- Provided records -
*** Block opens ***

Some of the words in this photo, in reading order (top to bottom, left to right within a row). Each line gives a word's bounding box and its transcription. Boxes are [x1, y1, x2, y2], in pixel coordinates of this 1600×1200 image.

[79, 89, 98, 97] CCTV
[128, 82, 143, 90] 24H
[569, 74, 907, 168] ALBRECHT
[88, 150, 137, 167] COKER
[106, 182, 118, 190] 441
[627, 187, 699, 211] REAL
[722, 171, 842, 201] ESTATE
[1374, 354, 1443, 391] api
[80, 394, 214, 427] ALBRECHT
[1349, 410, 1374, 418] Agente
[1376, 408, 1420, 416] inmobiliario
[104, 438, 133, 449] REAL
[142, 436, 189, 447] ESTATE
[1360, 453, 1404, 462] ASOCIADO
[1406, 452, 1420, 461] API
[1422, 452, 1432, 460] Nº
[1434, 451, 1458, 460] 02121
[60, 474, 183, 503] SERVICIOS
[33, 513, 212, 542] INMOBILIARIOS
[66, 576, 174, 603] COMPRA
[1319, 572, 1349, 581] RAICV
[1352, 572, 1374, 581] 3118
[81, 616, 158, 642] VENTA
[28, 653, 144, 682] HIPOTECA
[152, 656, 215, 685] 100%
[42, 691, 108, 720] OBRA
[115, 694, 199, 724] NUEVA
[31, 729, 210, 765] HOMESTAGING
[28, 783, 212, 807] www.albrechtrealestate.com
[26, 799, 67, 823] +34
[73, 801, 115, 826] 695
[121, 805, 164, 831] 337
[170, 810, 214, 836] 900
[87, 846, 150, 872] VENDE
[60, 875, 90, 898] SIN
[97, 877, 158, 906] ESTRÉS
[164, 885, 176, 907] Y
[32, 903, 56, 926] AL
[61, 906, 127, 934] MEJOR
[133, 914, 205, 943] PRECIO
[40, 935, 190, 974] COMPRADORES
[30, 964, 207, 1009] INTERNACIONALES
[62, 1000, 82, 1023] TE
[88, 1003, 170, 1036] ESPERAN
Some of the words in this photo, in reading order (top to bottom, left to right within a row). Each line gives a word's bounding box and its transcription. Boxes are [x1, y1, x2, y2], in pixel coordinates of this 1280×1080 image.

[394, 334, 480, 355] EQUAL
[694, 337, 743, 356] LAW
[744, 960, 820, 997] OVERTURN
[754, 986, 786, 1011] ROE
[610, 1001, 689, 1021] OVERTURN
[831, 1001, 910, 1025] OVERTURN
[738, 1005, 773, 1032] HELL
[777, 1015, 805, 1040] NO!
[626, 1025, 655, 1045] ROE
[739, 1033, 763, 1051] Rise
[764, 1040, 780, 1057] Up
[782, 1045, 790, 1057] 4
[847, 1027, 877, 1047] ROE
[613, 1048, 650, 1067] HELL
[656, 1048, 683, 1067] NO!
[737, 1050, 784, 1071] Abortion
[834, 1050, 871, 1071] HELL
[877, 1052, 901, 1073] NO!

*** Block closes ***

- Task requirements -
All of the material needs to be reproduced exactly as it reads.

- Answer box -
Some of the words in this photo, in reading order (top to bottom, left to right within a row). Each line gives a word's bounding box and its transcription. Boxes are [x1, y1, x2, y2], in pixel coordinates of this 1600×1200 image.

[79, 89, 98, 97] CCTV
[128, 82, 143, 90] 24H
[569, 74, 907, 168] ALBRECHT
[88, 150, 137, 167] COKER
[106, 182, 118, 190] 441
[627, 187, 699, 211] REAL
[722, 171, 842, 201] ESTATE
[1374, 354, 1443, 391] api
[80, 394, 214, 427] ALBRECHT
[1349, 410, 1374, 418] Agente
[1376, 408, 1420, 416] inmobiliario
[104, 438, 133, 449] REAL
[142, 436, 189, 447] ESTATE
[1360, 453, 1404, 462] ASOCIADO
[1406, 452, 1420, 461] API
[1422, 452, 1432, 460] Nº
[1434, 451, 1458, 460] 02121
[60, 474, 183, 503] SERVICIOS
[33, 513, 212, 542] INMOBILIARIOS
[66, 576, 174, 603] COMPRA
[1319, 572, 1349, 581] RAICV
[1352, 572, 1374, 581] 3118
[81, 616, 158, 642] VENTA
[28, 653, 144, 682] HIPOTECA
[152, 656, 215, 685] 100%
[42, 691, 108, 720] OBRA
[115, 694, 199, 724] NUEVA
[31, 729, 210, 765] HOMESTAGING
[28, 783, 212, 807] www.albrechtrealestate.com
[26, 799, 67, 823] +34
[73, 801, 115, 826] 695
[121, 805, 164, 831] 337
[170, 810, 214, 836] 900
[87, 846, 150, 872] VENDE
[60, 875, 90, 898] SIN
[97, 877, 158, 906] ESTRÉS
[164, 885, 176, 907] Y
[32, 903, 56, 926] AL
[61, 906, 127, 934] MEJOR
[133, 914, 205, 943] PRECIO
[40, 935, 190, 974] COMPRADORES
[30, 964, 207, 1009] INTERNACIONALES
[62, 1000, 82, 1023] TE
[88, 1003, 170, 1036] ESPERAN
Some of the words in this photo, in reading order (top to bottom, left to right within a row). Each line gives a word's bounding box and its transcription. Boxes are [x1, y1, x2, y2], in pixel coordinates of this 1280×1080 image.

[394, 334, 480, 355] EQUAL
[694, 337, 743, 356] LAW
[744, 960, 820, 997] OVERTURN
[754, 986, 786, 1011] ROE
[610, 1001, 689, 1021] OVERTURN
[831, 1001, 910, 1025] OVERTURN
[738, 1005, 773, 1032] HELL
[777, 1015, 805, 1040] NO!
[626, 1025, 655, 1045] ROE
[739, 1033, 763, 1051] Rise
[764, 1040, 780, 1057] Up
[782, 1045, 790, 1057] 4
[847, 1027, 877, 1047] ROE
[613, 1048, 650, 1067] HELL
[656, 1048, 683, 1067] NO!
[737, 1050, 784, 1071] Abortion
[834, 1050, 871, 1071] HELL
[877, 1052, 901, 1073] NO!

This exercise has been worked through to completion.